In a series of announcements designed to help businesses more easily build AI-based agents and applications, Databricks today unveiled Lakebridge at its Data+AI Summit. This tool aims to simplify and accelerate the notoriously challenging process of migrating from traditional data warehouses.
Databricks states that this free service can automate up to 80% of the migration lifecycle and can be integrated as part of a modern analytics and AI infrastructure strategy. The company points out that demand for its Databricks SQL data warehouse is surging as enterprises seek alternatives to legacy systems, which are often slow and costly.
Lakebridge addresses the complexities of migration through automation, in-depth analysis, intelligent SQL conversion, and built-in validation. It consists of three main components.

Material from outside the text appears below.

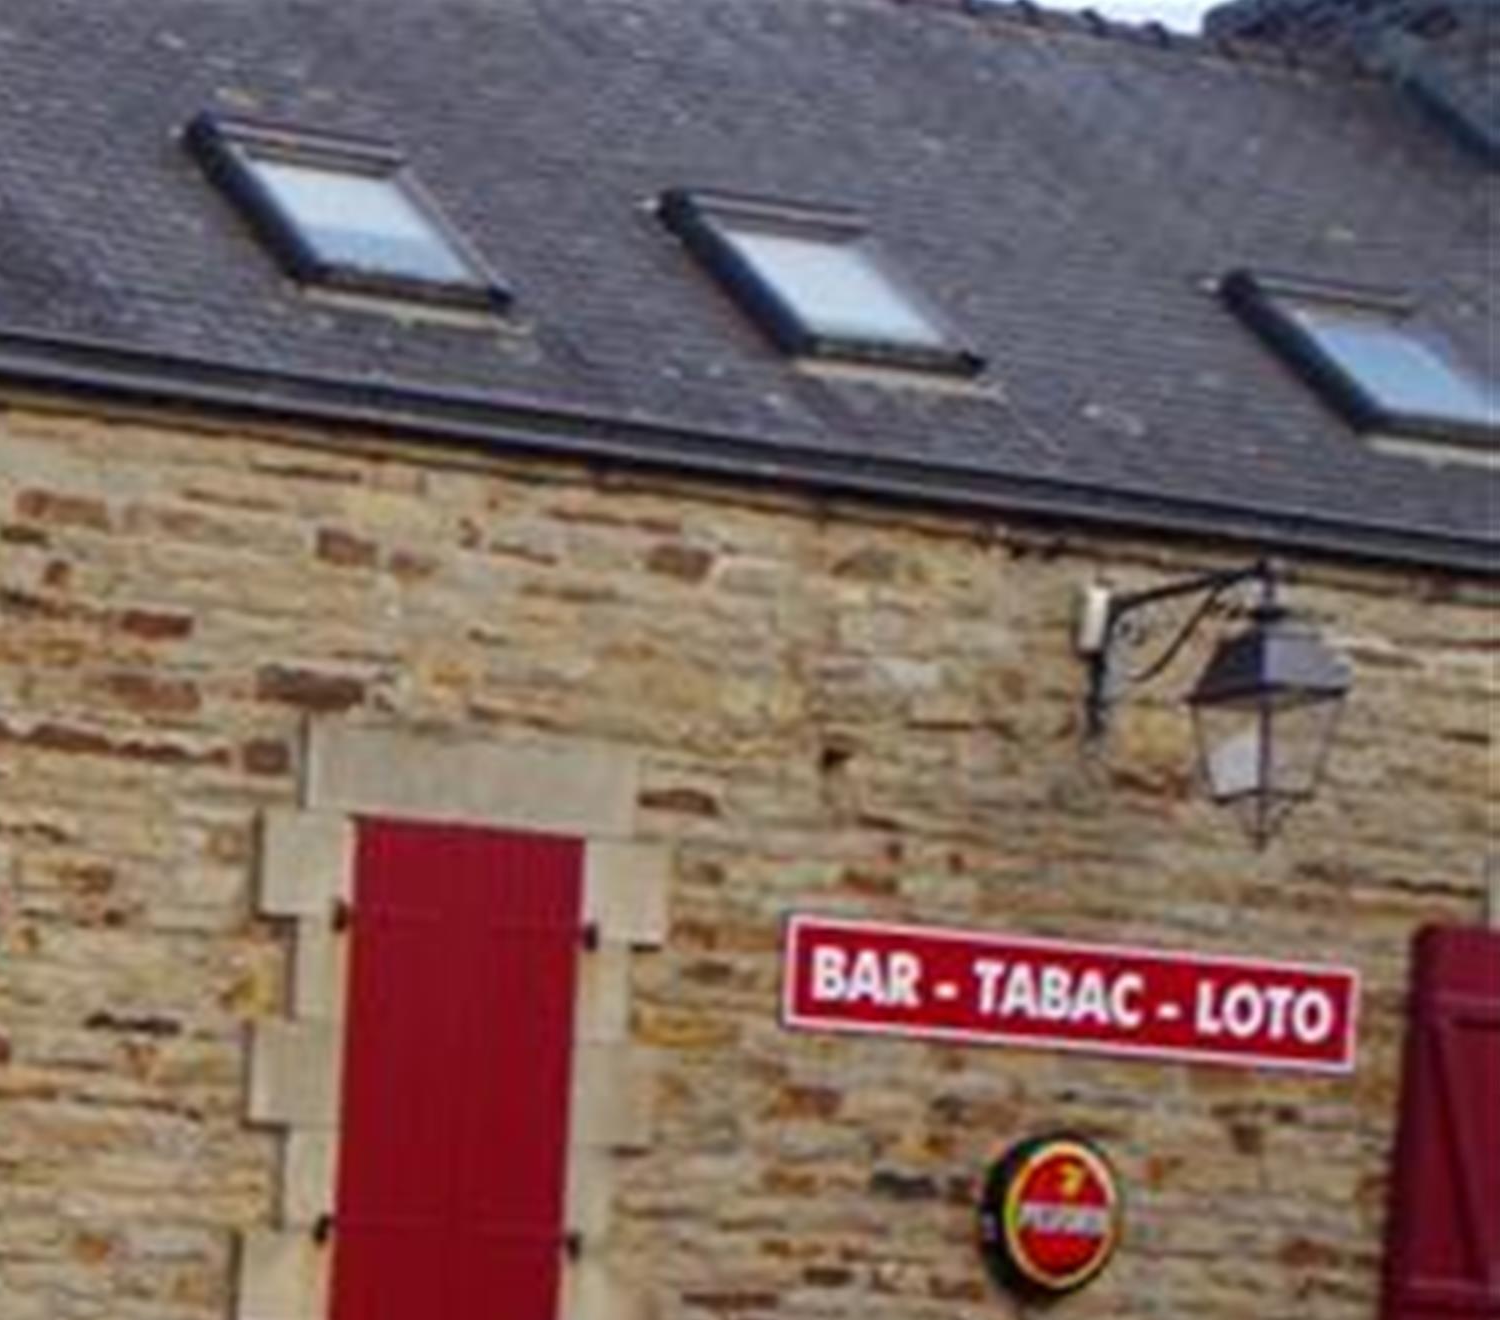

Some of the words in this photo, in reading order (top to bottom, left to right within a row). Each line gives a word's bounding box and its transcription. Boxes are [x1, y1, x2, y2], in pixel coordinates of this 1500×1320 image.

[811, 946, 921, 1007] BAR
[974, 961, 1145, 1027] TABAC
[1196, 981, 1333, 1043] LOTO

The Analyzer scans the company's legacy environment—including tables, views, extract/transform/load jobs, and stored procedures—and categorizes them by complexity. This clarity helps teams plan and prioritize migrations more effectively. The Converter transforms other data warehouses like Teradata’s BTEQ, Microsoft’s T-SQL, and Oracle’s PL/SQL into Databricks SQL or Apache Spark SQL. The Validator ensures data quality and logic remain intact post-migration, with reconciliation tools built into the platform. Dashboards and multi-tab reports embedded in the user interface help teams stay on track.
Open Bidding
Databricks is betting that many companies are ready to move from proprietary platforms to more open alternatives. Although Databricks SQL is not open source, it is based on and supports multiple open-source technologies, including Apache Spark, Delta Lake, and ANSI SQL. Lakebridge converts legacy syntax into ANSI-standard SQL, helping customers transition to open catalogs and interoperable platforms.
Databricks claims that Lakebridge can cut project timelines in half while supporting migrations from over 10 popular systems, including Teradata, Snowflake, Microsoft SQL Server, and Informatica. Additional connectors are currently in private preview.
Lakebridge incorporates technology from BladeBridge, a migration engine acquired earlier this year. According to reports, BladeBridge brings robust SQL parsing, code conversion, and validation capabilities.
In the coming months, Lakebridge will be upgraded with AI-driven code conversion using reinforcement learning to improve translation accuracy. A dedicated data migration module and graphical user interface are also under development.
Cloud AI Partnerships
Databricks also announced two strategic partnerships aimed at expanding its AI capabilities and cloud footprint. The expanded collaboration with Google Cloud introduces Google Gemini models natively into the Databricks Data Intelligence Platform. Customers can directly access Gemini 2.5 Pro and smaller Flash models—including "Deep Thought" mode—through SQL queries and model endpoints.
Deep Thought is a dedicated reasoning mode for Gemini 2.5 Pro, launched last month, enabling the model to traverse multiple reasoning paths in parallel. This integration allows enterprise data to remain within Databricks while being processed by Google’s advanced models, eliminating the need for data replication or complex integrations.
Databricks and Microsoft are also expanding their long-term partnership through deeper integrations with Azure AI Foundry, Microsoft’s low-code Power Platform, and the upcoming SAP Databricks product. This partnership aims to simplify data access, governance, and AI development.
The new partnerships with Google and Microsoft further strengthen Databricks' goal of becoming the default choice for cross-cloud data and AI operating systems. Native integration of leading foundational models without data movement addresses a major friction point in enterprise AI deployment.